Give all of the data below again exactly, and drop the images.

Records excerpted from a collection:
-*-*-
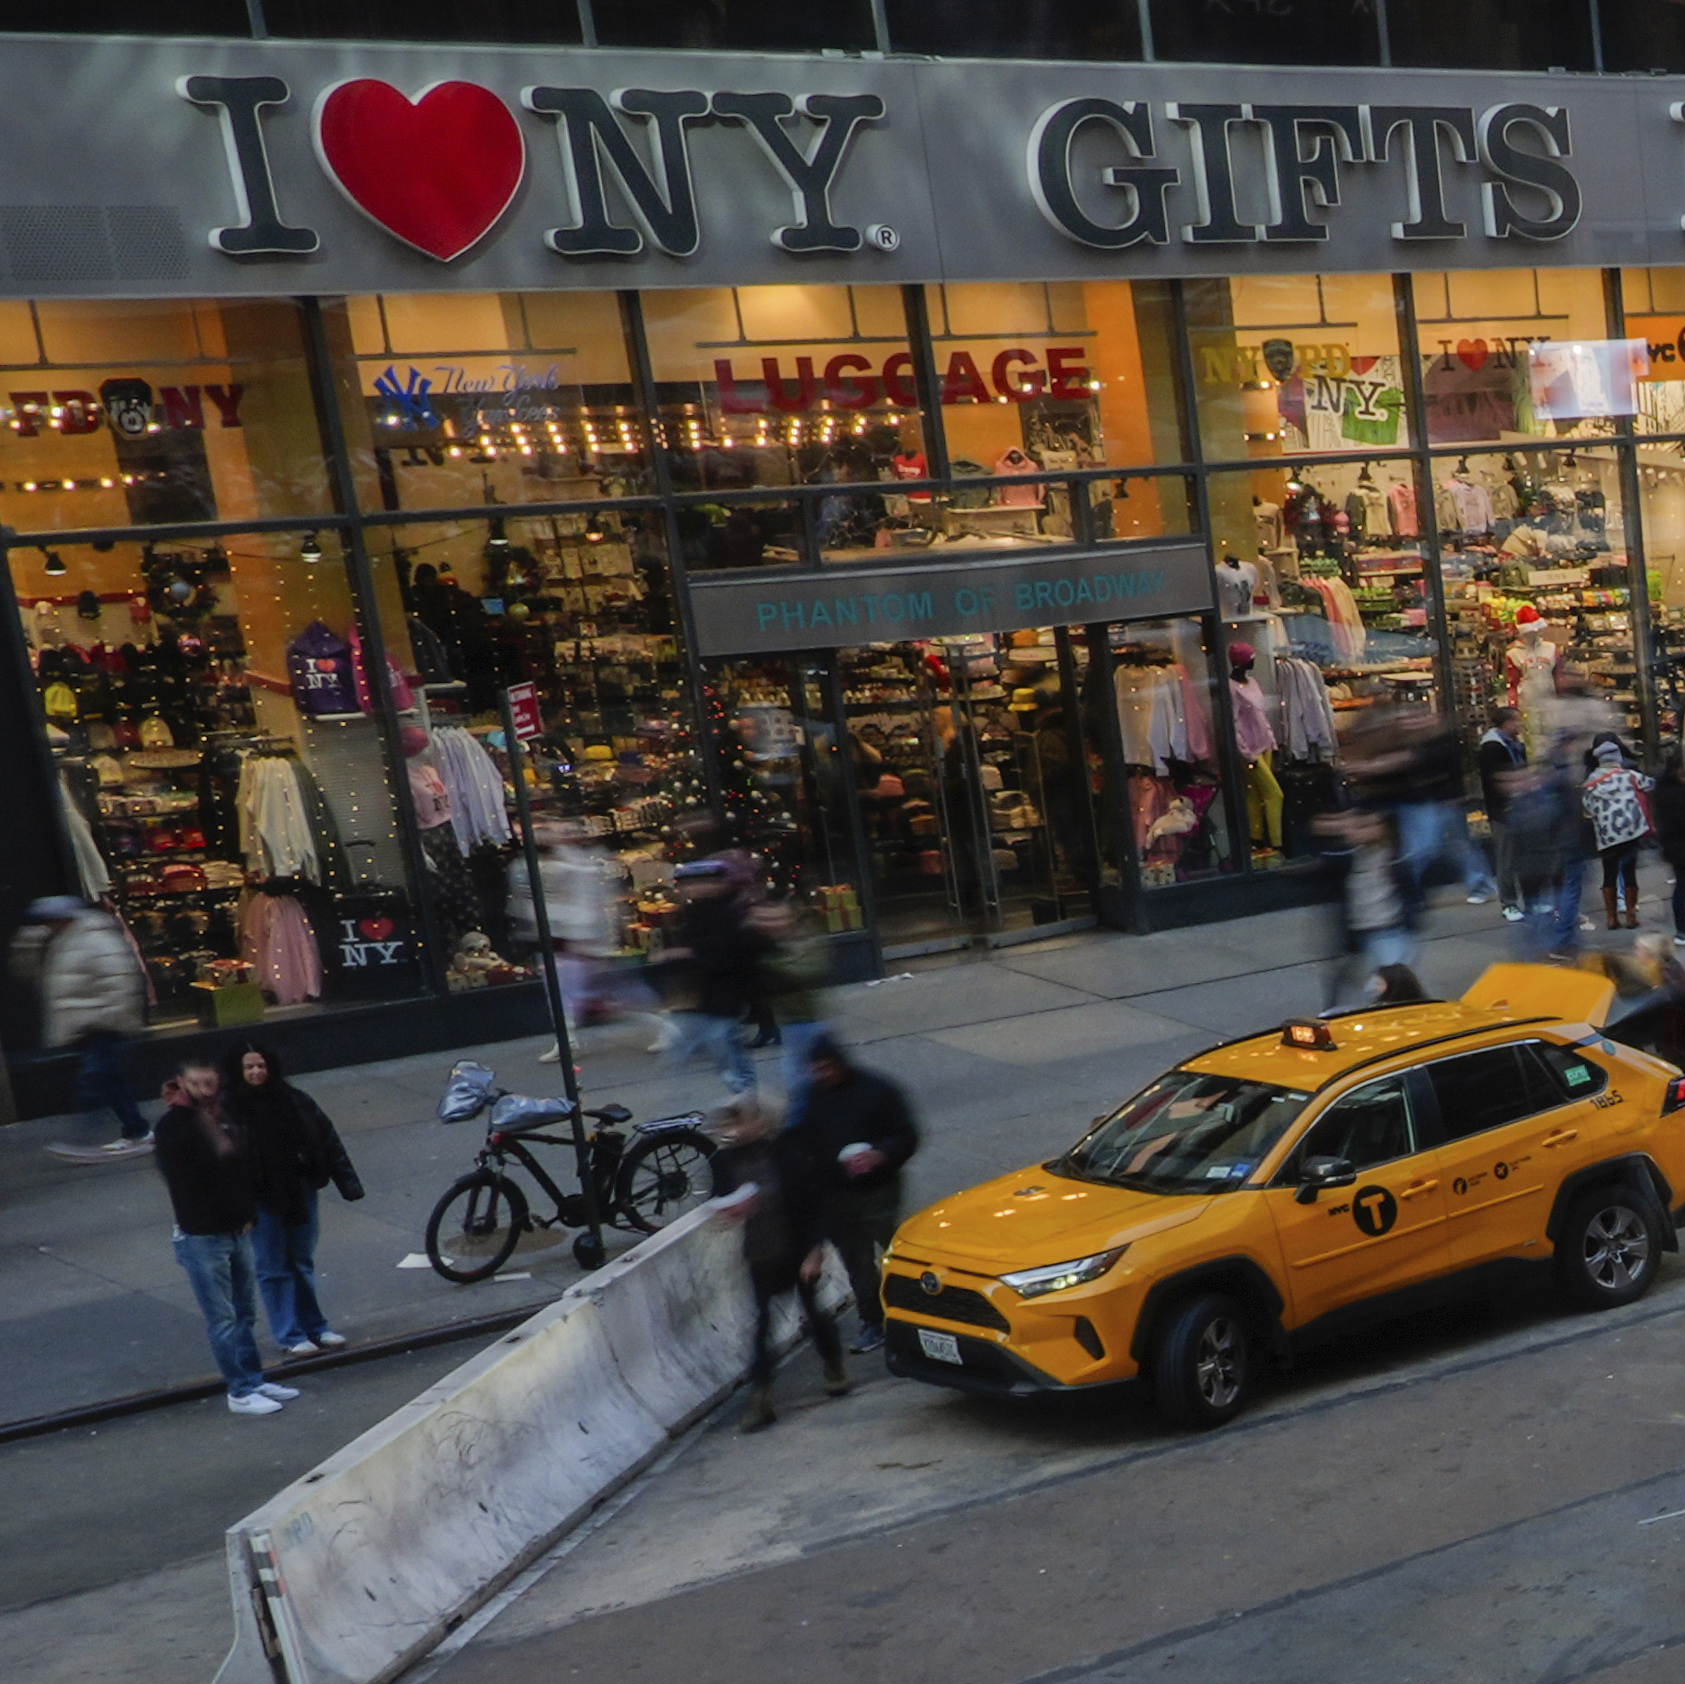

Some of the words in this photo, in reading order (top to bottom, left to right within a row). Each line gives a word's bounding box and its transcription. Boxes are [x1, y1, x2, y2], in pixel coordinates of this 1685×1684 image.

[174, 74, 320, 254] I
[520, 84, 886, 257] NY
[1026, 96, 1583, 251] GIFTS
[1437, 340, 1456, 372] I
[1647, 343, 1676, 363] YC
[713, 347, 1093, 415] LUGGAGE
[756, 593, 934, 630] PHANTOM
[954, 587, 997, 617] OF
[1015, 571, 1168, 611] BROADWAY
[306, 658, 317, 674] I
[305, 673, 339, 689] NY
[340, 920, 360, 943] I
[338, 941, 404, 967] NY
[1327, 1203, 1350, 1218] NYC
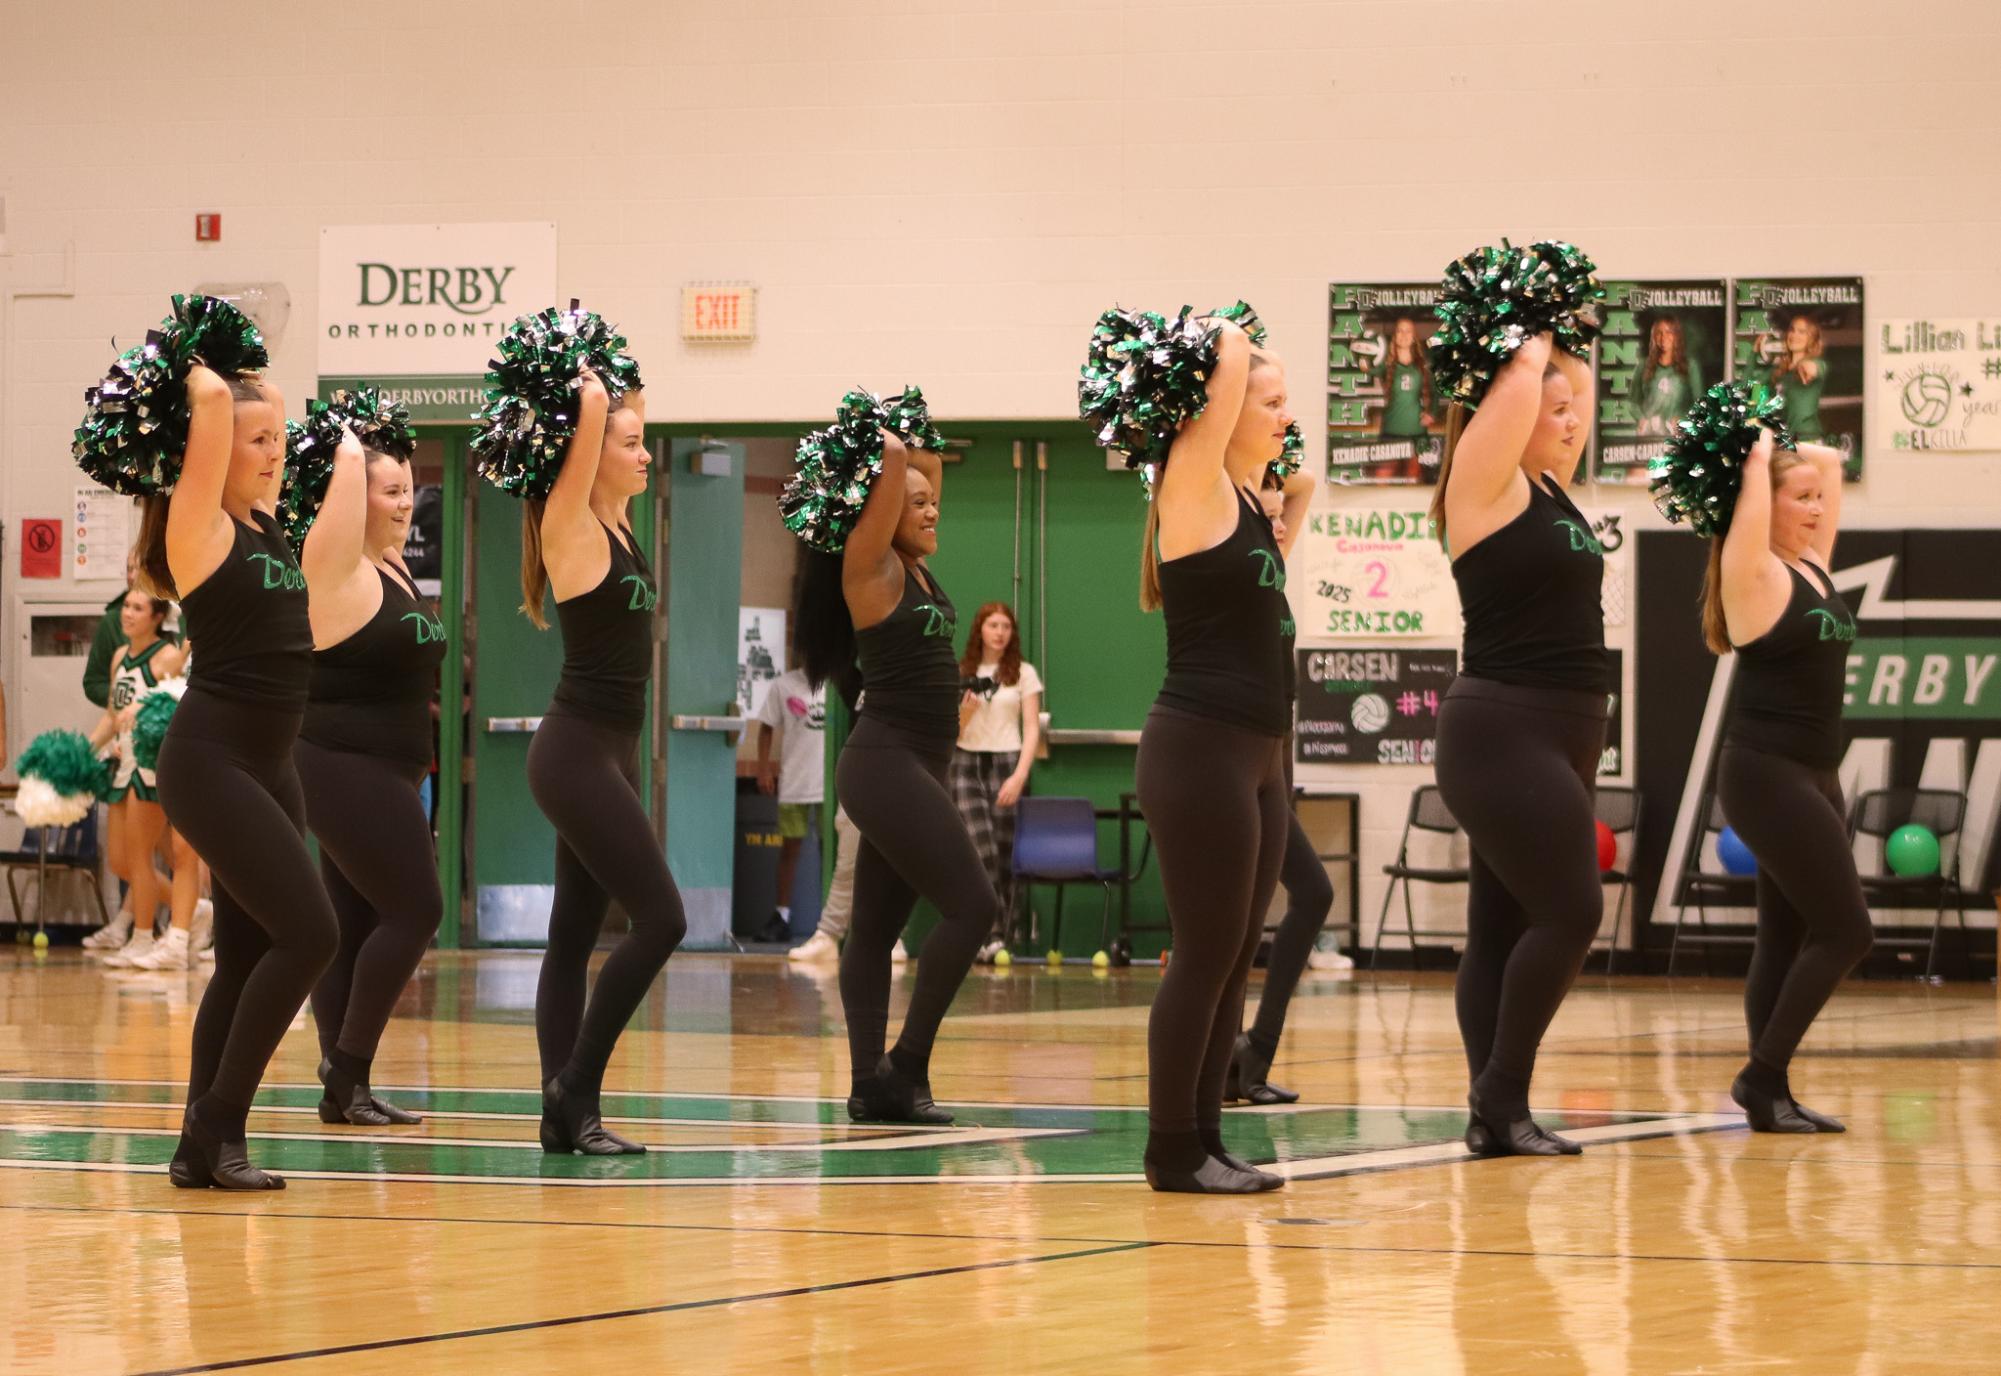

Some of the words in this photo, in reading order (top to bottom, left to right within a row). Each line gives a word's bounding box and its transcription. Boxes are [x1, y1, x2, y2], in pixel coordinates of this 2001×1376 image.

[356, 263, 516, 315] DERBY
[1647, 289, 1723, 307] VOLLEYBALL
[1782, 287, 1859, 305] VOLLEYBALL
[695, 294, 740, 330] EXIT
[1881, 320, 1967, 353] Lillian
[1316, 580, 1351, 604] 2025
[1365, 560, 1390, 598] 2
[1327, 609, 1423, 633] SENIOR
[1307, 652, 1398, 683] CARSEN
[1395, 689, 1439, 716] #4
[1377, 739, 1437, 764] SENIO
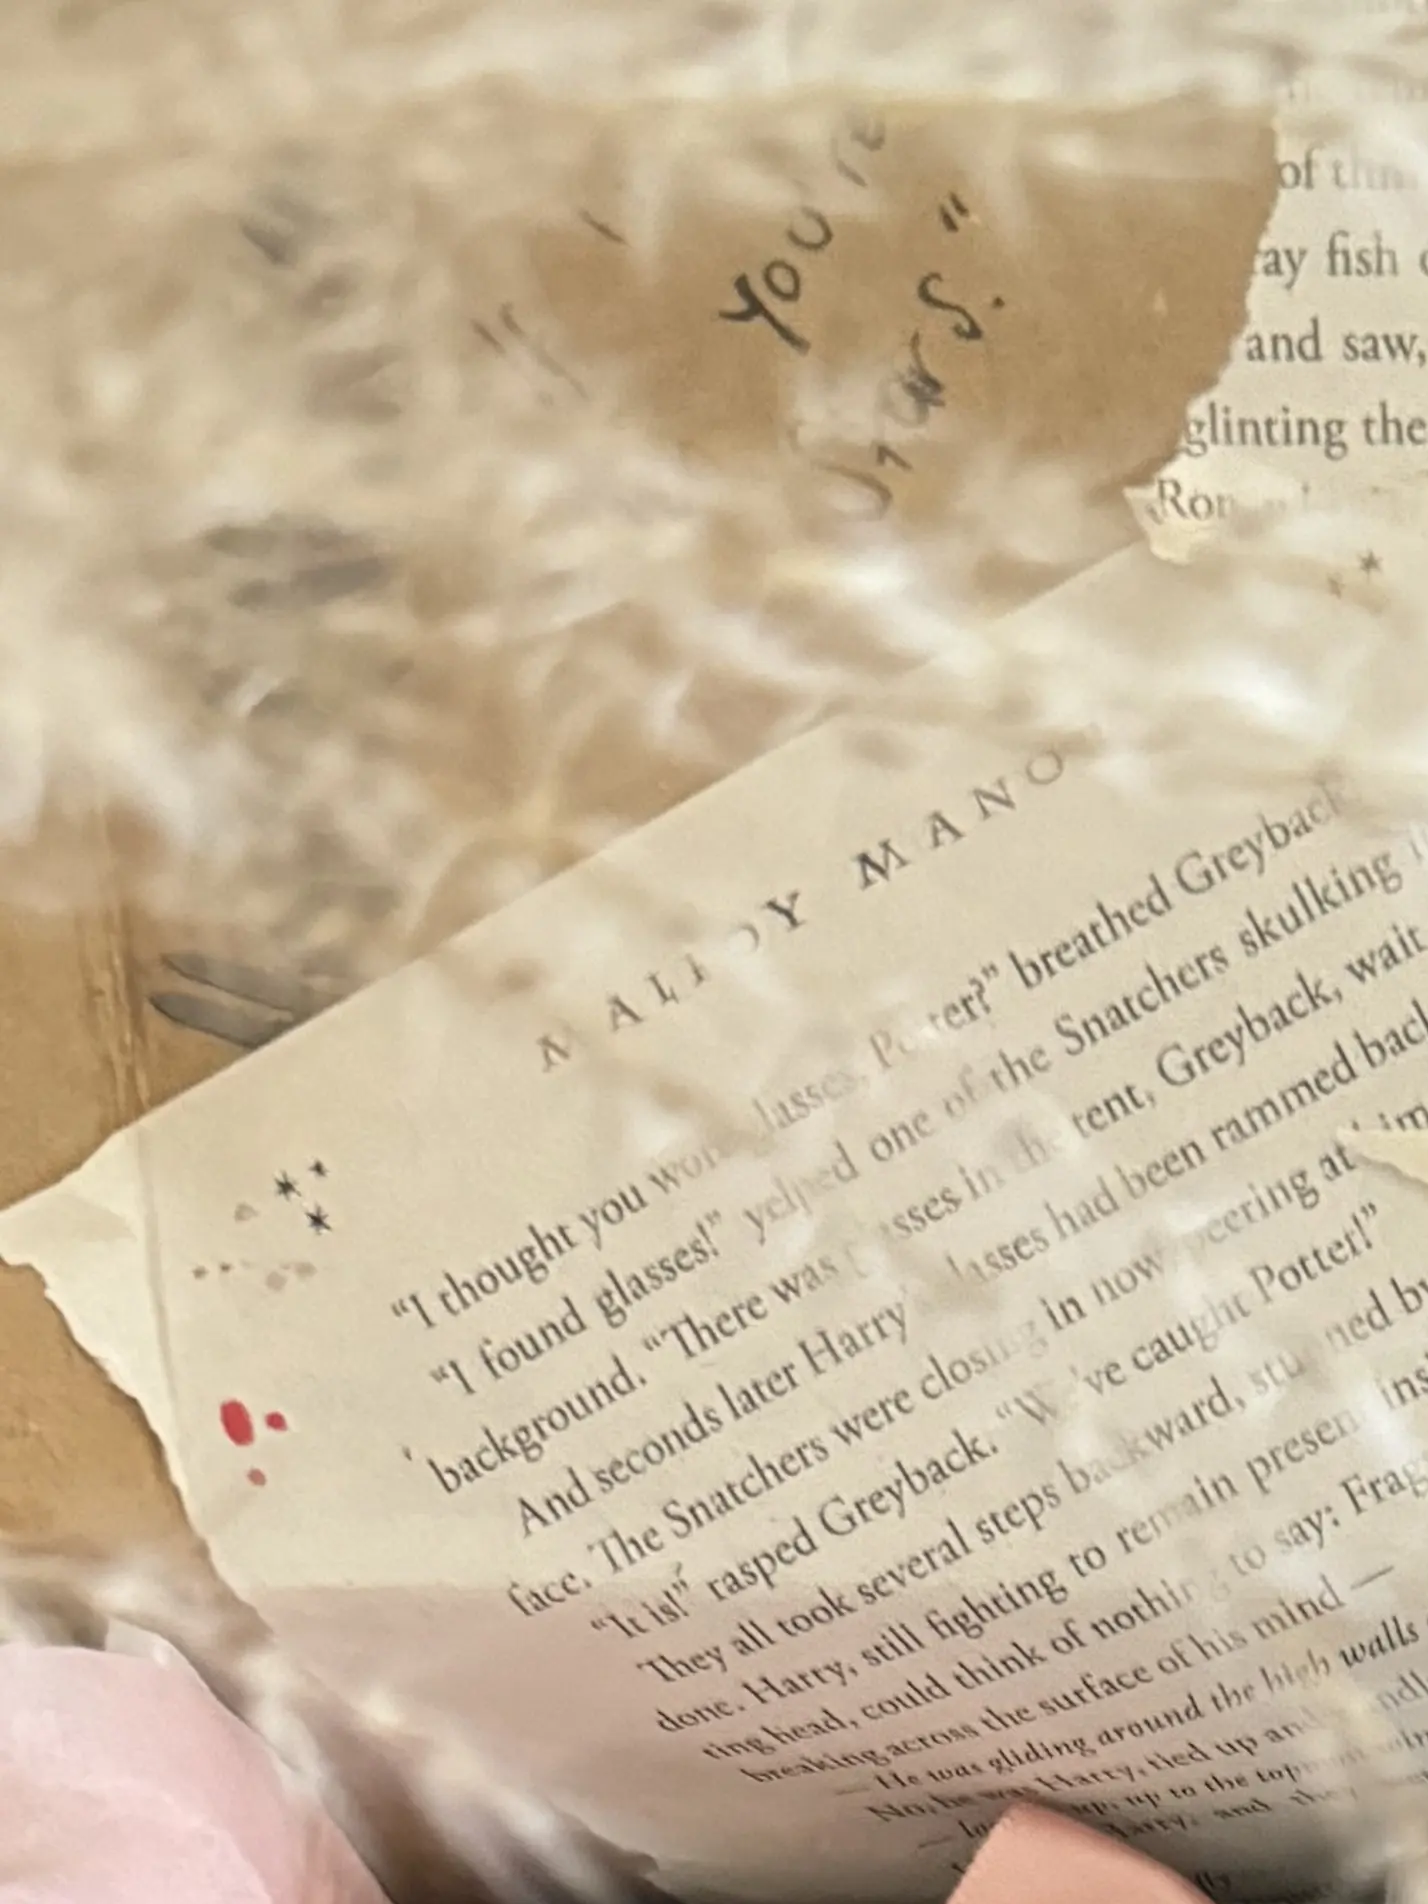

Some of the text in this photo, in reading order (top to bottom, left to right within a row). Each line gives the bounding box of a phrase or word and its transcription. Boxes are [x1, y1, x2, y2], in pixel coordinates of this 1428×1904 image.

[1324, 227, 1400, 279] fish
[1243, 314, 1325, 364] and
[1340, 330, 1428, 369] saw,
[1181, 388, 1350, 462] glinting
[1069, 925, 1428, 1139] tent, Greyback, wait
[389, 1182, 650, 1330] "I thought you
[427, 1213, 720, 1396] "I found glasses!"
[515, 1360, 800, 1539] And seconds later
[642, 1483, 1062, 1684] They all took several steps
-*-*-
__Exercise result__
Some of the words in this photo, in reading order (top to bottom, left to right within a row). Each line gives a word's bounding box and its transcription. Boxes are [x1, y1, x2, y2], in pixel coordinates of this 1685×1684 image.

[174, 74, 320, 254] I
[520, 84, 886, 257] NY
[1026, 96, 1583, 251] GIFTS
[1437, 340, 1456, 372] I
[1647, 343, 1676, 363] YC
[713, 347, 1093, 415] LUGGAGE
[756, 593, 934, 630] PHANTOM
[954, 587, 997, 617] OF
[1015, 571, 1168, 611] BROADWAY
[306, 658, 317, 674] I
[305, 673, 339, 689] NY
[340, 920, 360, 943] I
[338, 941, 404, 967] NY
[1327, 1203, 1350, 1218] NYC

Some of the words in this photo, in reading order (top to bottom, left to right within a row). Each line gives a word's bounding box and its transcription. Boxes are [x1, y1, x2, y2], in pixel coordinates of this 2001×1376 image.

[356, 263, 516, 315] DERBY
[1647, 289, 1723, 307] VOLLEYBALL
[1782, 287, 1859, 305] VOLLEYBALL
[695, 294, 740, 330] EXIT
[1881, 320, 1967, 353] Lillian
[1316, 580, 1351, 604] 2025
[1365, 560, 1390, 598] 2
[1327, 609, 1423, 633] SENIOR
[1307, 652, 1398, 683] CARSEN
[1395, 689, 1439, 716] #4
[1377, 739, 1437, 764] SENIO

Some of the text in this photo, in reading order (top to bottom, left to right within a row). Each line gives the bounding box of a phrase or word and its transcription. Boxes are [x1, y1, x2, y2], in pixel coordinates of this 1428×1904 image.

[1324, 227, 1400, 279] fish
[1243, 314, 1325, 364] and
[1340, 330, 1428, 369] saw,
[1181, 388, 1350, 462] glinting
[1069, 925, 1428, 1139] tent, Greyback, wait
[389, 1182, 650, 1330] "I thought you
[427, 1213, 720, 1396] "I found glasses!"
[515, 1360, 800, 1539] And seconds later
[642, 1483, 1062, 1684] They all took several steps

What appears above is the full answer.